On pourrait dire que notre histoire commence en 1812 avec la naissance de Gottlieb Friedrich Reinhardt, très probablement à Strümpfelbach, Württemberg, un des royaumes qui composent la Rheinische Bundesstaaten, une confédération éphémère (1806-13) d’états clients germanophones établie à la demande du souverain de France, l’empereur Napoléon Ier, né Napoleone di Buonaparte, un tyran mégalomane mentionné à quelques reprises dans notre blogue / bulletin / machin depuis décembre 2017.

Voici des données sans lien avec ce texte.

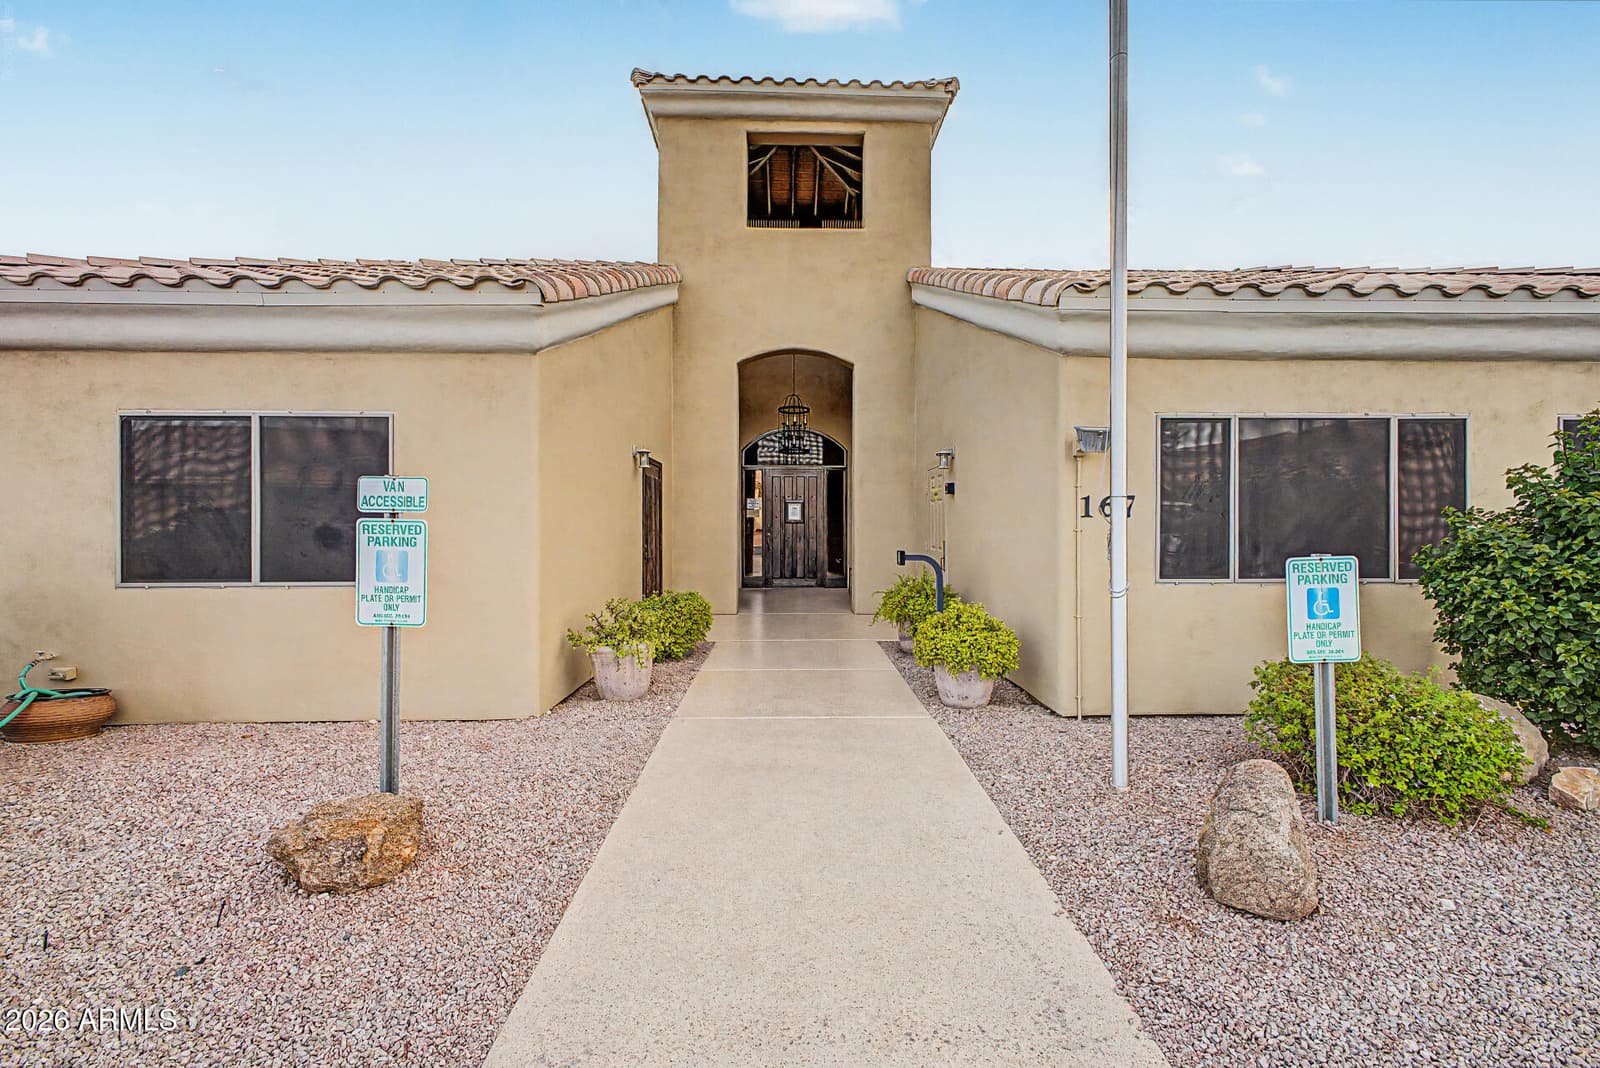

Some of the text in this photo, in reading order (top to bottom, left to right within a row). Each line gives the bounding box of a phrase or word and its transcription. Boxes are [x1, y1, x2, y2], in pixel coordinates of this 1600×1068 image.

[383, 480, 405, 492] VAN
[361, 495, 425, 508] ACCESSIBLE
[362, 524, 422, 536] RESERVED
[367, 536, 417, 548] PARKING
[1292, 561, 1353, 574] RESERVED
[1297, 573, 1349, 585] PARKING
[374, 585, 409, 594] HANDICAP
[361, 594, 422, 603] PLATE OR PERMIT
[383, 603, 400, 611] ONLY
[1306, 622, 1342, 631] HANDICAP
[1293, 630, 1355, 640] PLATE OR PERMIT
[1315, 639, 1333, 648] ONLY

Reinhardt émigre au Bas-Canada, le Québec actuel, en 1831. Il s’établit à Montréal, une des deux grandes villes de cette colonie britannique. Reinhardt devient peu à peu un membre important de la petite communauté germanophone du Bas-Canada. En 1835, par exemple, il devient un des membres fondateurs de la Deutsches Gesellschaft, une société montréalaise d’immigrants germanophones qui vient en aide aux immigrants germanophones récemment arrivés à Montréal et dans des villes avoisinantes. Reinhardt préside cette société en 1859-60.
En 1852, Reinhardt devient brasseur, utilisant une installation déjà existante. Il s’installe dans une toute nouvelle installation en 1862, donnant ainsi naissance à G. Reinhardt & Sons, si celle-ci n’est pas déjà formée. Reinhardt est apparemment associé à un autre immigrant, un gentilhomme du nom de Hötzel, à un moment donné dans les années 1850 et, peut-être, dans les années 1860.

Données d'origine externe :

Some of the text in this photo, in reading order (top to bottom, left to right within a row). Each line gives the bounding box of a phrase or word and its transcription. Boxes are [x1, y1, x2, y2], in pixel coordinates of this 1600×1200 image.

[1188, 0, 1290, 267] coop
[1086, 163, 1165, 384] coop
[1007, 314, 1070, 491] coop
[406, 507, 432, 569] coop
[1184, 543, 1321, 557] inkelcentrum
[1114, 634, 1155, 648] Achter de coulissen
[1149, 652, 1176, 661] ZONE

Remarquez, un gentilhomme du nom de Gottlieb Reinhardt est boucher au début des années 1860. De plus, vers la même époque, un autre gentilhomme du même nom est le capitaine d’une compagnie d’une unité d’infanterie de la Milice canadienne, le Sixth Battalion Volunteer Militia / Hochelaga Light Infantry. Mais revenons à G. Reinhardt & Sons. En français, G. Reinhardt et fils.
Les fils en question, Charles Smith Reinhardt et George Reinhardt, achètent la participation de leur père dans la firme familiale à un moment donné dans les années 1860 ou 1870. Lorsque ce dernier frère meurt, en août 1880, Charles Smith Reinhardt devient l’unique propriétaire de ce qui reste G. Reinhardt & Sons. Ce frère décède en mai 1914.

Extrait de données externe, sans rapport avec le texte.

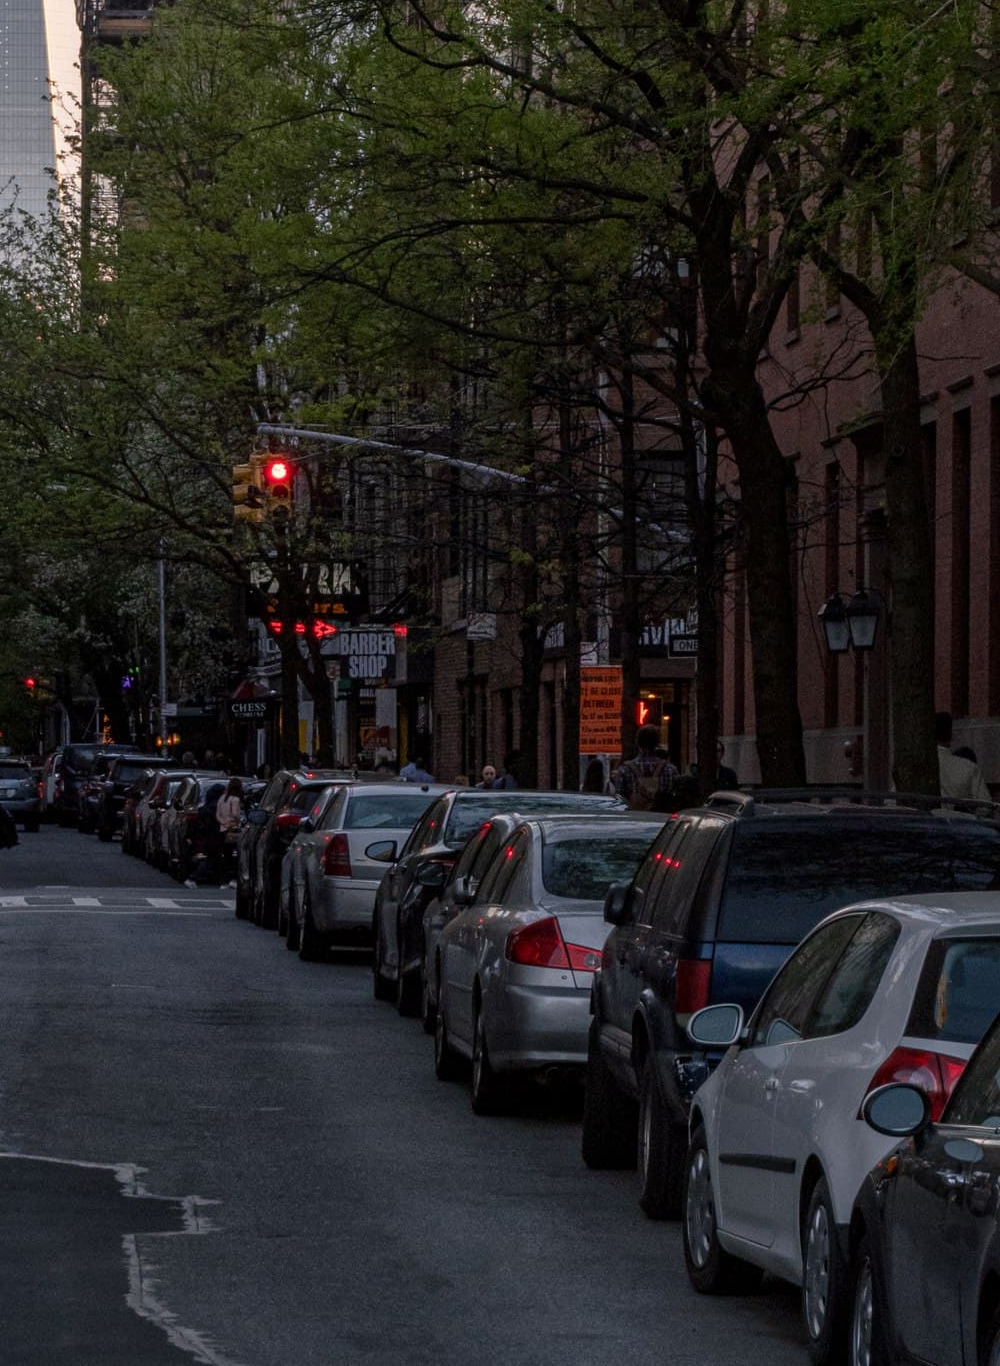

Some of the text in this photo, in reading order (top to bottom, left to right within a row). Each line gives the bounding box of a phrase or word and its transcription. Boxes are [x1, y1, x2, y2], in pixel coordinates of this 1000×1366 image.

Reinhardt père quitte ce monde en juin 1895, à l’âge de 83 ans.
Il convient de noter que, pas plus tard que 1886, un certain nombre de publicités de G. Reinhardt & Sons soulignent qu’il n’y a aucun lien entre elle et Reinhardt & Company, une brasserie de Toronto, Ontario, exploitée par Lothar Reinhardt, un gentilhomme qui n’est lié d’aucune manière avec la famille Reinhardt de Montréal.
Reinhardt, soit Lothar, est le brasseur d’une brasserie louée à un influent Germano-canadien, Johann Gotthilf Walz, le premier brasseur de lager à Toronto si vous devez le savoir, par un Germano-canadien encore plus influent.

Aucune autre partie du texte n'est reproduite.